Numerical models, geochemistry and the zero-paradox noble-gas mantle

What CO2 well gases tell us about the origin of noble gases in the mantle and their relationship to the atmosphere

Study of commercially produced volcanic CO2 gas associated with the Colorado Plateau, USA, has revealed substantial new information about the noble gas isotopic composition and elemental abundance pattern of the mantle. Combined with published data from mid-ocean ridge basalts, it is now clear that the convecting mantle has a maximum (20)Ne/(22)Ne isotopic composition, indistinguishable from that attributed to solar wind-implanted (SWI) neon in meteorites. This is distinct from the higher (20)Ne/(22)Ne isotopic value expected for solar nebula gases. The non-radiogenic xenon isotopic composition of the well gases shows that 20 per cent of the mantle Xe is 'solar-like' in origin, but cannot resolve the small isotopic difference between the trapped meteorite 'Q'-component and solar Xe. The mantle primordial (20)Ne/(132)Xe is approximately 1400 and is comparable with the upper end of that observed in meteorites.

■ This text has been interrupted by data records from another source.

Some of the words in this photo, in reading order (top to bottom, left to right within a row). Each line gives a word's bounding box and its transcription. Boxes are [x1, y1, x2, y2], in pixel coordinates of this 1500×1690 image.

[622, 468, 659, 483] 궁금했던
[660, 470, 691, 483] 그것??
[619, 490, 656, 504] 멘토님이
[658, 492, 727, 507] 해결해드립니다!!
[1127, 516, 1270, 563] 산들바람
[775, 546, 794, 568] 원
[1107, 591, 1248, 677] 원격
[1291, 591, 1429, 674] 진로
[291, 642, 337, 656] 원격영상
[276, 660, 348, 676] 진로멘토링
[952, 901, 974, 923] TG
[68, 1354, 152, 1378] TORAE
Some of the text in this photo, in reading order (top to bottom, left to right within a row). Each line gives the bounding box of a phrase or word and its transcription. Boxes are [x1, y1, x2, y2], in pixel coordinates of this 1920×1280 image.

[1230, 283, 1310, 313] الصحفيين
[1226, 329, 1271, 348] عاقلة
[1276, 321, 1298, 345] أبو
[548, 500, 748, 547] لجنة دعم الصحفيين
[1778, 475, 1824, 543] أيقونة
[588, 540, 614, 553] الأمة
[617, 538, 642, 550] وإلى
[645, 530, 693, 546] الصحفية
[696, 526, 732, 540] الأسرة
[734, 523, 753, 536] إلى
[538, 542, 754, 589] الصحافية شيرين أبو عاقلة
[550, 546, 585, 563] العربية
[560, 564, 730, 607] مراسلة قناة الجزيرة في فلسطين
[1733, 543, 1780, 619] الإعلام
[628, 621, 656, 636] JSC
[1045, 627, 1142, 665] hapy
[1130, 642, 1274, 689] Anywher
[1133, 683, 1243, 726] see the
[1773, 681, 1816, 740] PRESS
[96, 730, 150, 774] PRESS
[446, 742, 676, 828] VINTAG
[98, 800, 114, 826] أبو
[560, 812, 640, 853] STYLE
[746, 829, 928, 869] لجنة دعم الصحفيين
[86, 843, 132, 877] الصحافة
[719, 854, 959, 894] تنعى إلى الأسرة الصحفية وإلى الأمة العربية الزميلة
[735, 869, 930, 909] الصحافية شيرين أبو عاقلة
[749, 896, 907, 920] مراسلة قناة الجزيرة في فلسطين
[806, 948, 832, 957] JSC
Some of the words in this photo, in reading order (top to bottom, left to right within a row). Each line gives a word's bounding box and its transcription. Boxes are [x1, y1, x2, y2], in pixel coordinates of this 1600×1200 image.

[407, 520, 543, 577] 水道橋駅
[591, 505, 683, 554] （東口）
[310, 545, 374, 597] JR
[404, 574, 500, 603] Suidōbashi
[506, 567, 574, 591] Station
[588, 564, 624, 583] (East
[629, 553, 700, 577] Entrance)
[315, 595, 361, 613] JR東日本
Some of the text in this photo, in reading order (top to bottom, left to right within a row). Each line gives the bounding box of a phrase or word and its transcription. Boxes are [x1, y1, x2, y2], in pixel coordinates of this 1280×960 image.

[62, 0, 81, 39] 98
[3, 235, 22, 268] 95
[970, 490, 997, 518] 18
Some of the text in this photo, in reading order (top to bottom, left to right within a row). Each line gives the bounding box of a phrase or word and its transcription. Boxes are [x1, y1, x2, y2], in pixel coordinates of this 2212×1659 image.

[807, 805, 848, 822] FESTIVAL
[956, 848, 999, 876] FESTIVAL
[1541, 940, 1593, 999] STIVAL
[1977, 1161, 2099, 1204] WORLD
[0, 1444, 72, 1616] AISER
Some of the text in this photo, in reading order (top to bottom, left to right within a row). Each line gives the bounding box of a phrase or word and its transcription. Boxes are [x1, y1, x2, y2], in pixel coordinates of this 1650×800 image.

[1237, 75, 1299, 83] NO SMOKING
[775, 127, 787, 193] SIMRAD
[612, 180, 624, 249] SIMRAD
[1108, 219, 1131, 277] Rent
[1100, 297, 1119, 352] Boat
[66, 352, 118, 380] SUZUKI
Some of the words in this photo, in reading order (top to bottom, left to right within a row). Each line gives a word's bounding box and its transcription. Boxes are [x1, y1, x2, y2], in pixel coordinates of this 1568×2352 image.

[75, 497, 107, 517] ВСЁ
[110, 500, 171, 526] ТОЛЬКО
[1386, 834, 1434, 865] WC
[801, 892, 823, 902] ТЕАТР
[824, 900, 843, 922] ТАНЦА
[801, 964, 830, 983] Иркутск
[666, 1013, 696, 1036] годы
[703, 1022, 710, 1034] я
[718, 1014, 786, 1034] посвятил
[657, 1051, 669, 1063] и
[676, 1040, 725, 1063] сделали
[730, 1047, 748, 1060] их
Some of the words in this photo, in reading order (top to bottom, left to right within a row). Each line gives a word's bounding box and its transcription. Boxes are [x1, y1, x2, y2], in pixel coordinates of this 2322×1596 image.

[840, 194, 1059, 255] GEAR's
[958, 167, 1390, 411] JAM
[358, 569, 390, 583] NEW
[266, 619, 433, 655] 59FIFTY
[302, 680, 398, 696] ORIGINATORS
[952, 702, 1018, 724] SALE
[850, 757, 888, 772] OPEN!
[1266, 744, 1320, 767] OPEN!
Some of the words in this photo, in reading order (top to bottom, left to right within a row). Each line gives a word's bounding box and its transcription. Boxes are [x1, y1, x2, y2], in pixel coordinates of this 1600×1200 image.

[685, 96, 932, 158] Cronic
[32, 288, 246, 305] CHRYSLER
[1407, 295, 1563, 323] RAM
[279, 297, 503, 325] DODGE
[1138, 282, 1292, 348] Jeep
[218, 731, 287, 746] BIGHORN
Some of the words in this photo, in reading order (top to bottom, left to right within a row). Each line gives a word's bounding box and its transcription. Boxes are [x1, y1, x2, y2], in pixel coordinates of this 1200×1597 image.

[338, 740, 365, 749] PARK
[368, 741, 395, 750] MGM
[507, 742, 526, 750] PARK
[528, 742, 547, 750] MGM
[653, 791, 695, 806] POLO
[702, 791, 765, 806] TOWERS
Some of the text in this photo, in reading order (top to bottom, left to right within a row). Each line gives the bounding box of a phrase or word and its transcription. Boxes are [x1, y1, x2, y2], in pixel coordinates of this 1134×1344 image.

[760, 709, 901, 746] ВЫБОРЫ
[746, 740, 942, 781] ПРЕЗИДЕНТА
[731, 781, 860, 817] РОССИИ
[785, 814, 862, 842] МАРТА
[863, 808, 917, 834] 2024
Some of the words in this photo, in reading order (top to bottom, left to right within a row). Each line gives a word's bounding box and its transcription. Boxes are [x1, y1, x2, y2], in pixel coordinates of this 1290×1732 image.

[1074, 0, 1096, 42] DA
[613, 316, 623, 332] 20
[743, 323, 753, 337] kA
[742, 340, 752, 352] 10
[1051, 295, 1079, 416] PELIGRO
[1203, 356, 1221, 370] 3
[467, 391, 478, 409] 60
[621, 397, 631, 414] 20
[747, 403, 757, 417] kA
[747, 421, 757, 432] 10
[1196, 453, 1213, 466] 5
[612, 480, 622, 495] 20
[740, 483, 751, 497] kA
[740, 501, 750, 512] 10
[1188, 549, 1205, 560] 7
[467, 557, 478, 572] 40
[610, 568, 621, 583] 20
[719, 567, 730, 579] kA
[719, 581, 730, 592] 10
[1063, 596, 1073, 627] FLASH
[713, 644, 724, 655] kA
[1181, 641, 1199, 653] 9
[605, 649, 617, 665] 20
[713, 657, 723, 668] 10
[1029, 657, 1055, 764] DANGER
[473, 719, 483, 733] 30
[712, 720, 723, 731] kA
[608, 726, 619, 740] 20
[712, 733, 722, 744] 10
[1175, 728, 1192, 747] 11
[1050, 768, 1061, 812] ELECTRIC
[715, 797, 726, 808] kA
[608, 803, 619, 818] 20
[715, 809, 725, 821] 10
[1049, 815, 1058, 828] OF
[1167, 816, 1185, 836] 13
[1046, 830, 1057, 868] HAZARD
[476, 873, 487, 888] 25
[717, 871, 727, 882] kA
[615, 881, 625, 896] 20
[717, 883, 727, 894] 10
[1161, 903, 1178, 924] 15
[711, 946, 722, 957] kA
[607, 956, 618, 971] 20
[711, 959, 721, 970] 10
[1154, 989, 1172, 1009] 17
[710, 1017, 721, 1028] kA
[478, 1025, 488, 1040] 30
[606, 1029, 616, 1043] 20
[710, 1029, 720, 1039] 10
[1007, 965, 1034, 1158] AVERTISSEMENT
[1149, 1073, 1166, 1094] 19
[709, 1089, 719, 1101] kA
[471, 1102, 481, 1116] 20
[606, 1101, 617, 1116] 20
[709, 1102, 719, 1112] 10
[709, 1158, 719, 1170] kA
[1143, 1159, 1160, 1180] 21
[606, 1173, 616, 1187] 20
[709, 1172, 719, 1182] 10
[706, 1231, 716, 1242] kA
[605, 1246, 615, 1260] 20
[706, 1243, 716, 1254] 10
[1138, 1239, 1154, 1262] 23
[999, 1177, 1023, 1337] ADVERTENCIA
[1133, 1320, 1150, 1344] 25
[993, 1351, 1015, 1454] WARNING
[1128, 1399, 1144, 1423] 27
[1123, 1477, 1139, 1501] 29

Previous work using the terrestrial (129)I - (129)Xe mass balance demands that almost 99 per cent of the Xe (and therefore other noble gases) has been lost from the accreting solids and that Pu-I closure age models have shown this to have occurred in the first ca 100Ma of the Earth's history. The highest concentrations of Q-Xe and solar wind-implanted (SWI)-Ne measured in meteorites allow for this loss and these high-abundance samples have a Ne/Xe ratio range compatible with the 'recycled-air-corrected' terrestrial mantle. These observations do not support models in which the terrestrial mantle acquired its volatiles from the primary capture of solar nebula gases and, in turn, strongly suggest that the primary terrestrial atmosphere, before isotopic fractionation, is most probably derived from degassed trapped volatiles in accreting material.By contrast, the non-radiogenic argon, krypton and 80 per cent of the xenon in the convecting mantle have the same isotopic composition and elemental abundance pattern as that found in seawater with a small sedimentary Kr and Xe admix. These mantle heavy noble gases are dominated by recycling of air dissolved in seawater back into the mantle. Numerical simulations suggest that plumes sampling the core-mantle boundary would be enriched in seawater-derived noble gases compared with the convecting mantle, and therefore have substantially lower (40)Ar/(36)Ar. This is compatible with observation. The subduction process is not a complete barrier to volatile return to the mantle.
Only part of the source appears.